Dad was always a man of God. He was active in the Avondale Presbyterian Church for nearly sixty years and served there as an Elder. He carried his faith quietly and humbly, evangelizing by example rather than words. There's a story from his last weeks that exemplifies this. While in the hospital he had need of a nurse so he rang the nurses' station using the bedside call button. When no nurse responded he pushed the button again, and several more times, still with no response. Finally a nurse stormed into the room and proceeded to 'chew him out' for what seemed half an hour. After a time Dad reached out and took her hand and began a prayer. He asked God to forgive him for his impatience. He thanked the Lord for the care that she was giving him. And he asked God to bless her for her service.
In that moment the nurse's attitude turned 180 degrees. All the anger and tension in the room disappeared, replaced by love.

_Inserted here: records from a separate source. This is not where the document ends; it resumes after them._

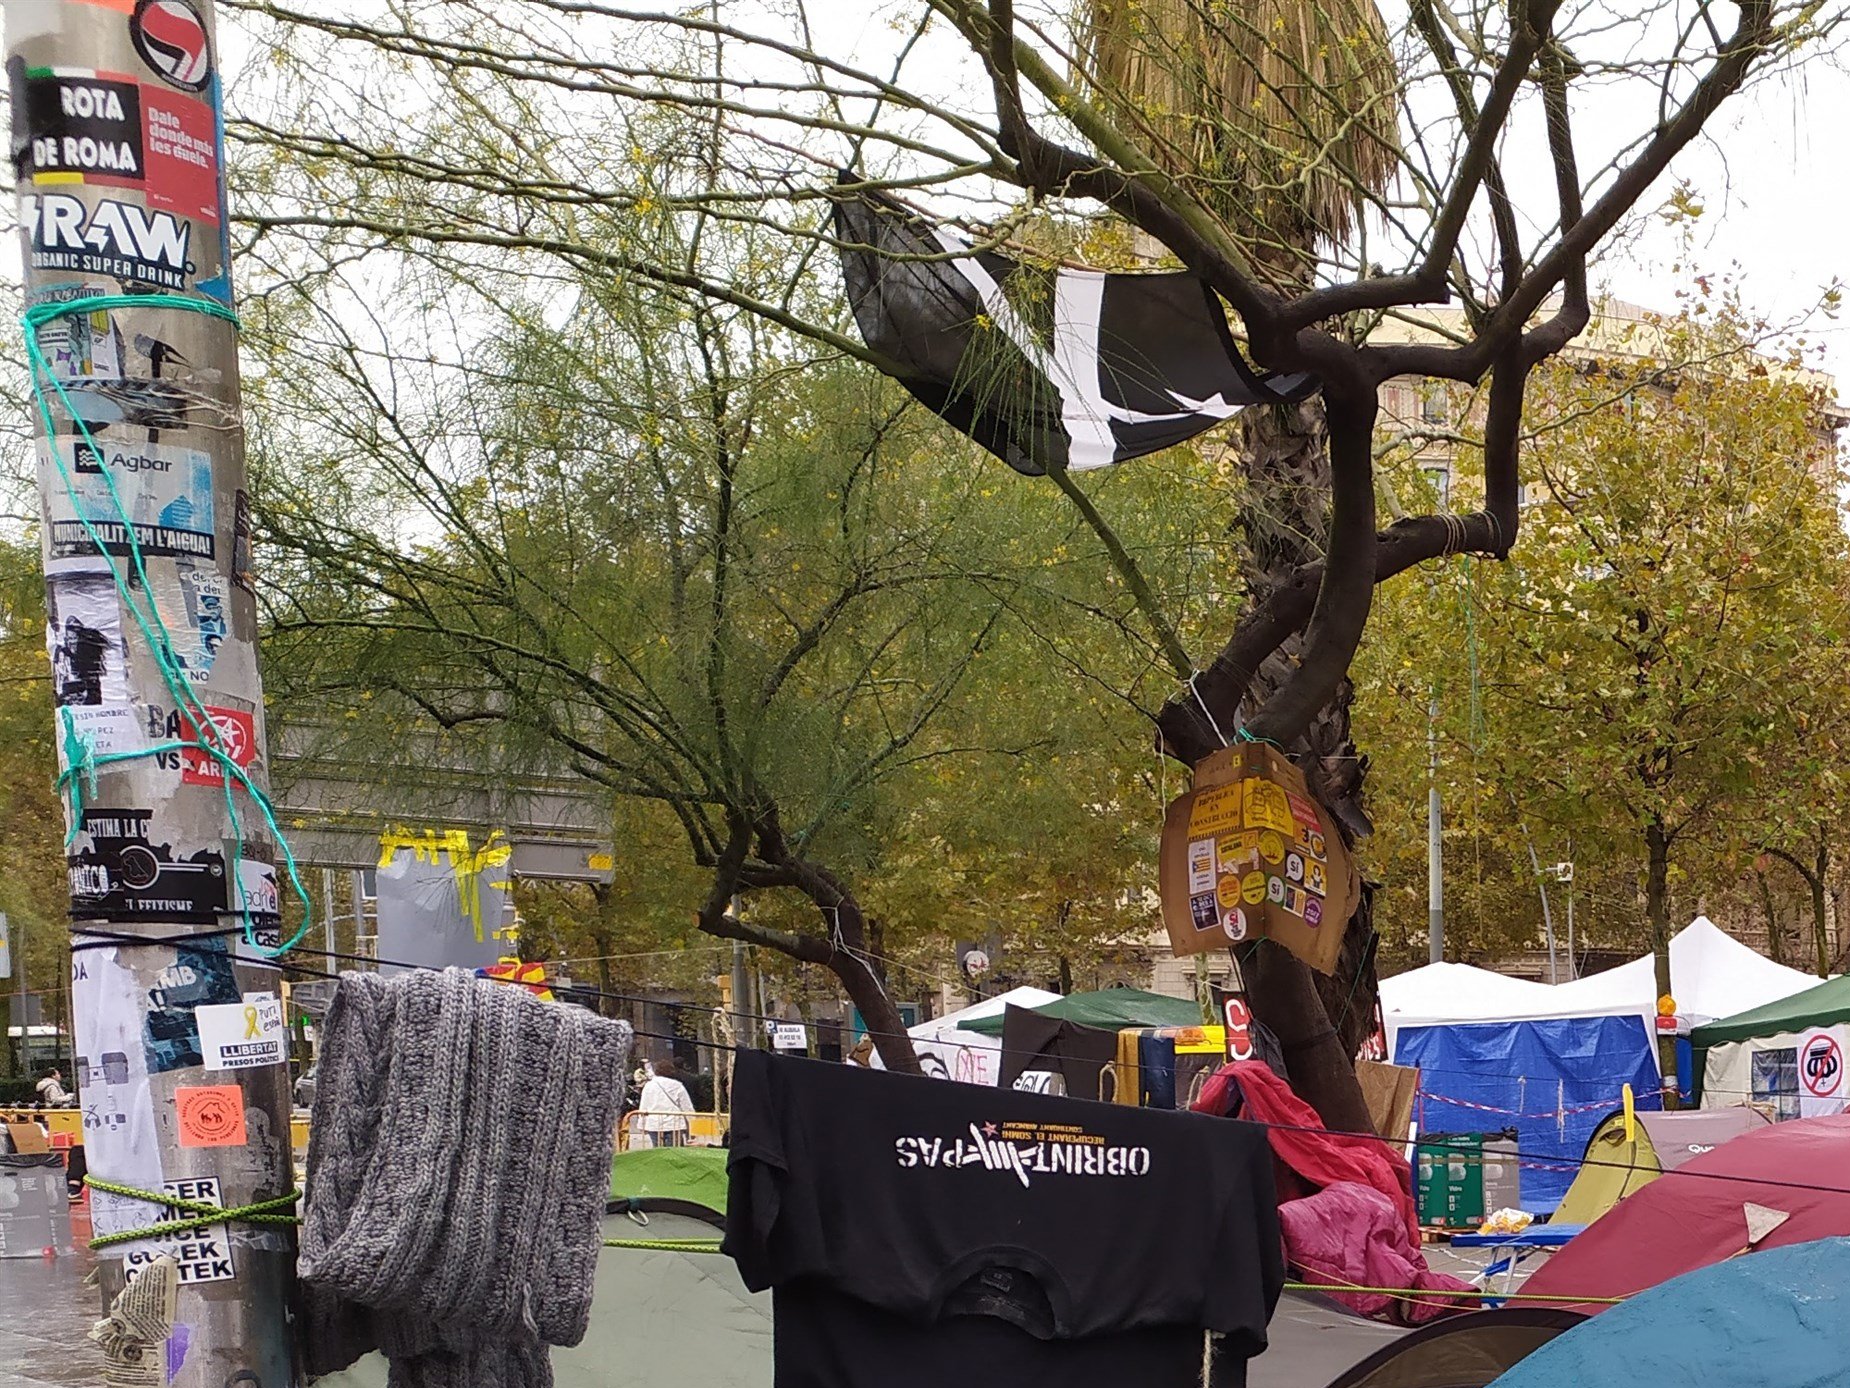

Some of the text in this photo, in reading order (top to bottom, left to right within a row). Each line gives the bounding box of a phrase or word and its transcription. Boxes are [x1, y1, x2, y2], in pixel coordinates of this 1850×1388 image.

[60, 86, 125, 121] ROTA
[148, 107, 180, 129] Dale
[149, 122, 192, 148] donde
[32, 136, 138, 172] DE ROMA
[82, 257, 132, 276] SUPER
[137, 264, 183, 288] DRINK
[110, 452, 173, 472] Agbar
[222, 1041, 278, 1057] LLIBERTAT
[222, 1058, 255, 1067] PRESOS
[1047, 1133, 1105, 1144] RECUPERANT
[895, 1137, 1150, 1176] OBRINT PAS
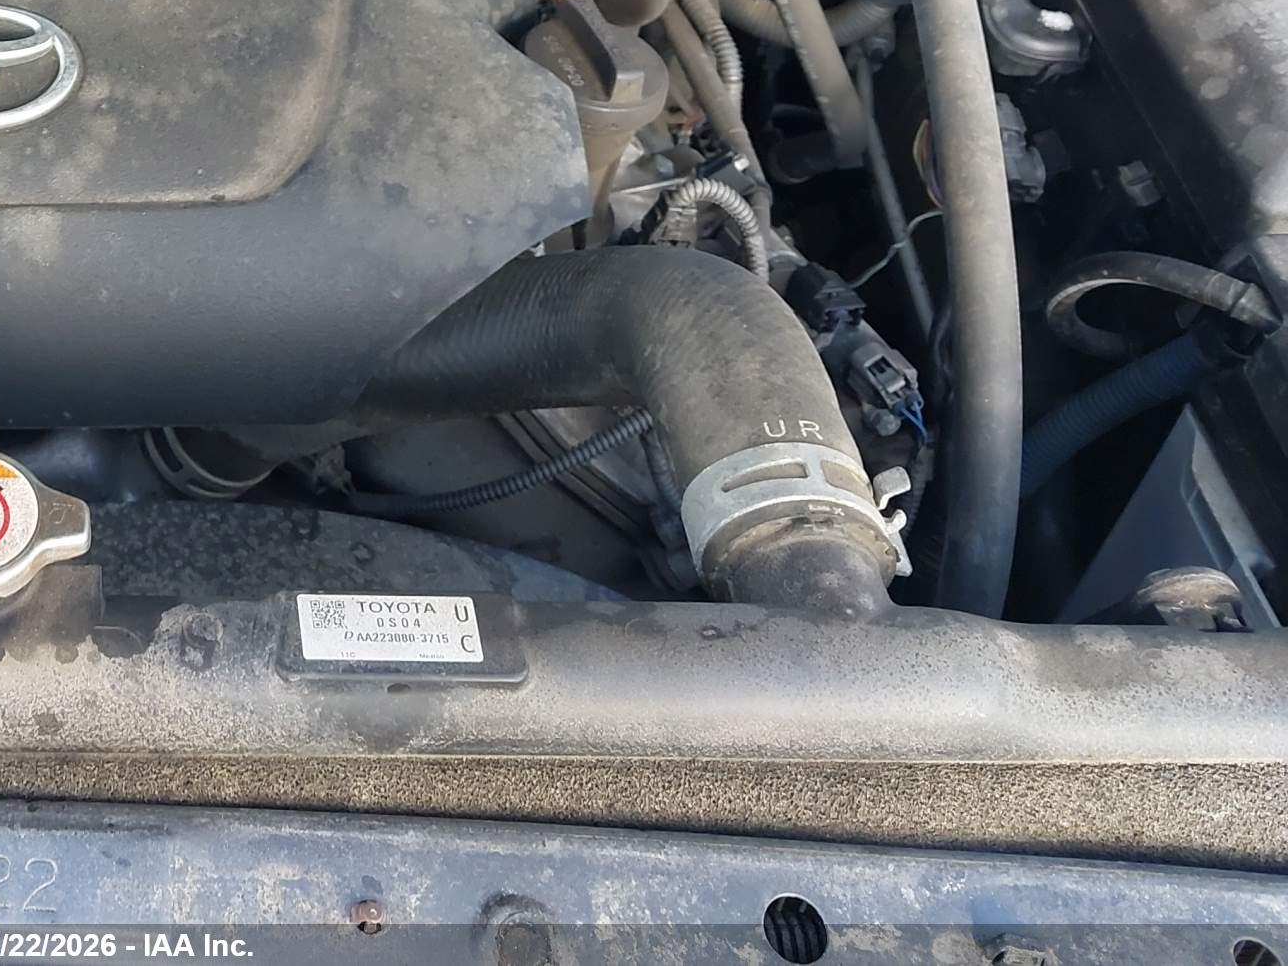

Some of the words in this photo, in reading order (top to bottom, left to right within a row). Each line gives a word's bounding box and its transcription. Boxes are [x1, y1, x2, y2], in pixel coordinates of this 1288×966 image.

[356, 601, 437, 614] TOYOTA
[454, 603, 469, 623] U
[460, 634, 475, 653] C
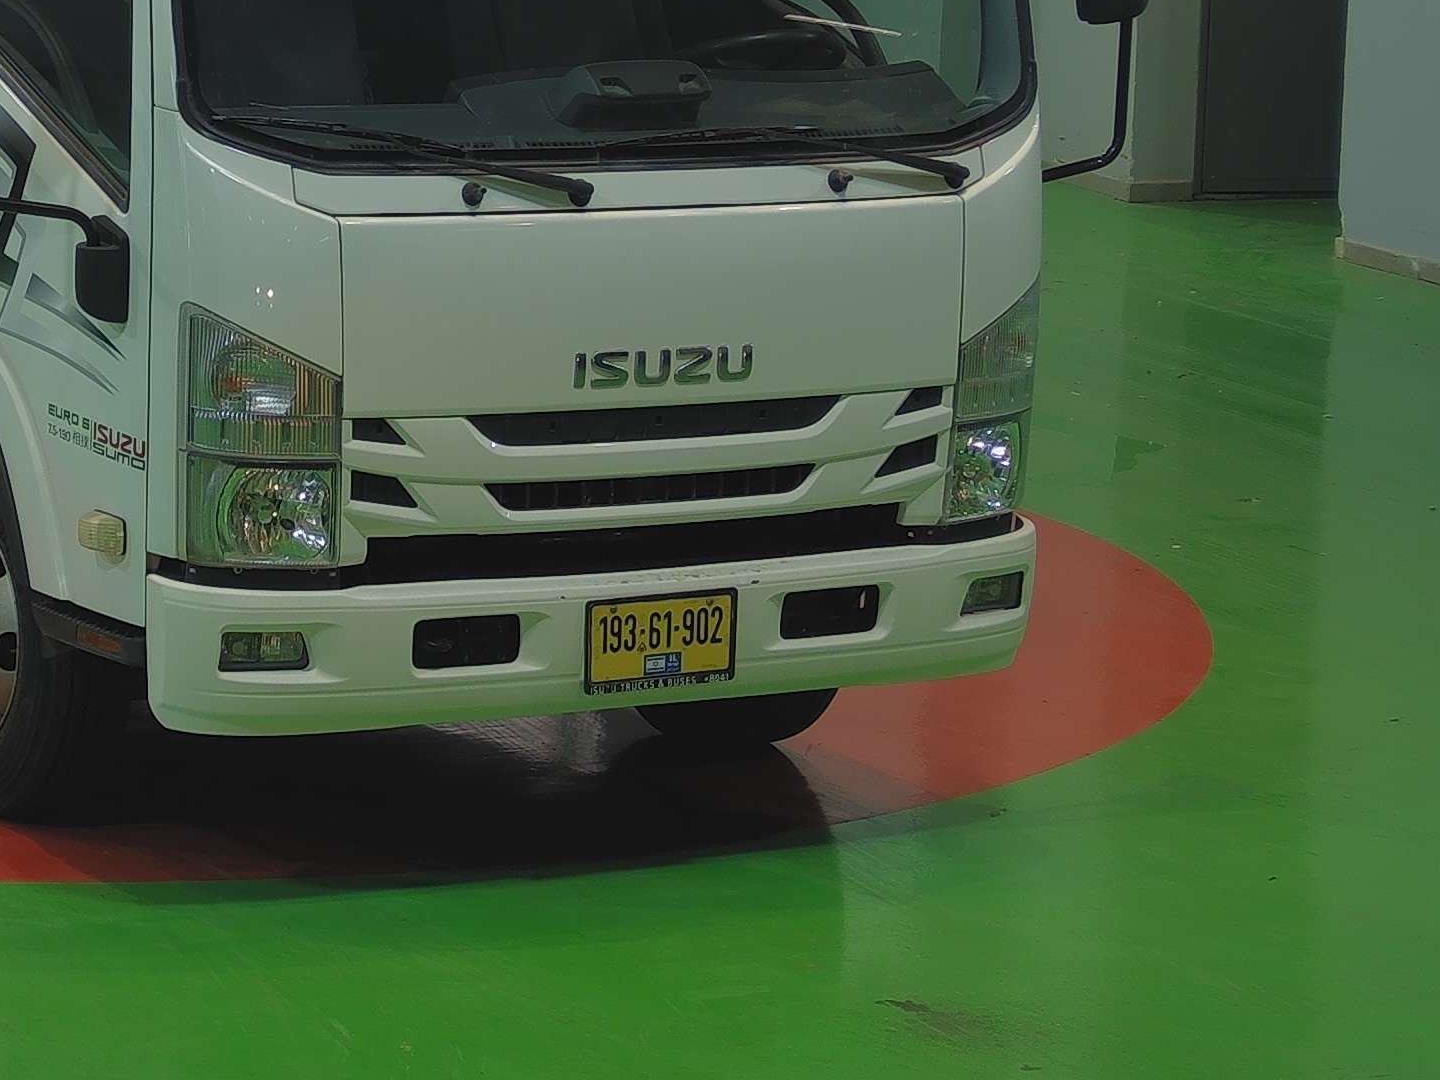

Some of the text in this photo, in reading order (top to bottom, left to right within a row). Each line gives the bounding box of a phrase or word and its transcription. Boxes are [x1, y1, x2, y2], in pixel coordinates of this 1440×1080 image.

[573, 344, 753, 389] ISUZU
[48, 403, 90, 430] EURO 6
[93, 422, 146, 459] ISUZU
[92, 442, 146, 471] SUMO
[620, 678, 655, 692] TRUCKS
[668, 675, 697, 688] BUSES
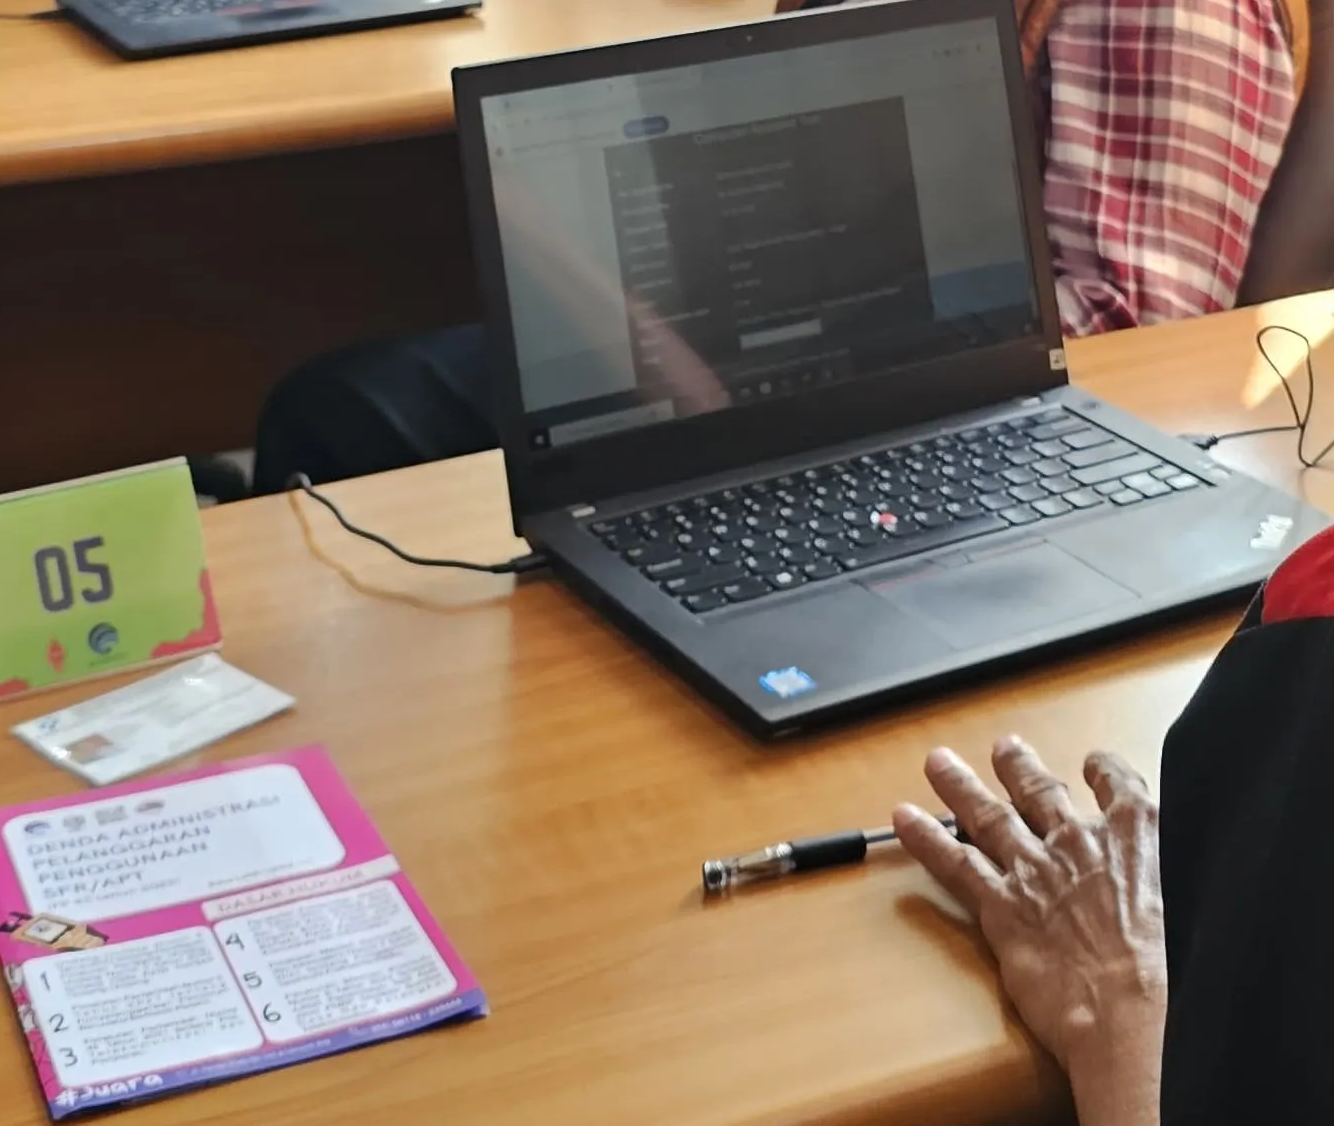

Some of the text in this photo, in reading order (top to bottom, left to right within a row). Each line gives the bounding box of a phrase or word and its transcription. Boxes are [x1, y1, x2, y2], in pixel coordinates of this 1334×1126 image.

[33, 535, 115, 614] 05
[26, 794, 281, 856] DENDA ADMINISTRASI
[31, 825, 212, 870] PELANGGARAN
[37, 841, 210, 884] PENGGUNAAN
[218, 888, 284, 913] DASAR
[225, 932, 245, 951] 4
[40, 971, 51, 991] 1
[243, 971, 263, 989] 5
[49, 1012, 68, 1033] 2
[262, 1002, 282, 1023] 6
[58, 1047, 78, 1068] 3

From that moment on until the end, Dad would take the hand of every new caregiver who came to his bedside, and he offered a similar prayer. I was there for many of those prayers and thought them remarkable. They were so selfless and sincere. Yet I had not known the full story until after he told it to a visiting retired pastor and neighbor.
Right up to the end Dad was more concerned for those around him than for himself. Every day he would ask how Mom was doing. Whenever I came to give him medications he would take my hand and thank me.
Dad was one of a kind. Irreplaceable. And yet there is no need of replacing him. His legacy lives on in the hearts of all who knew him.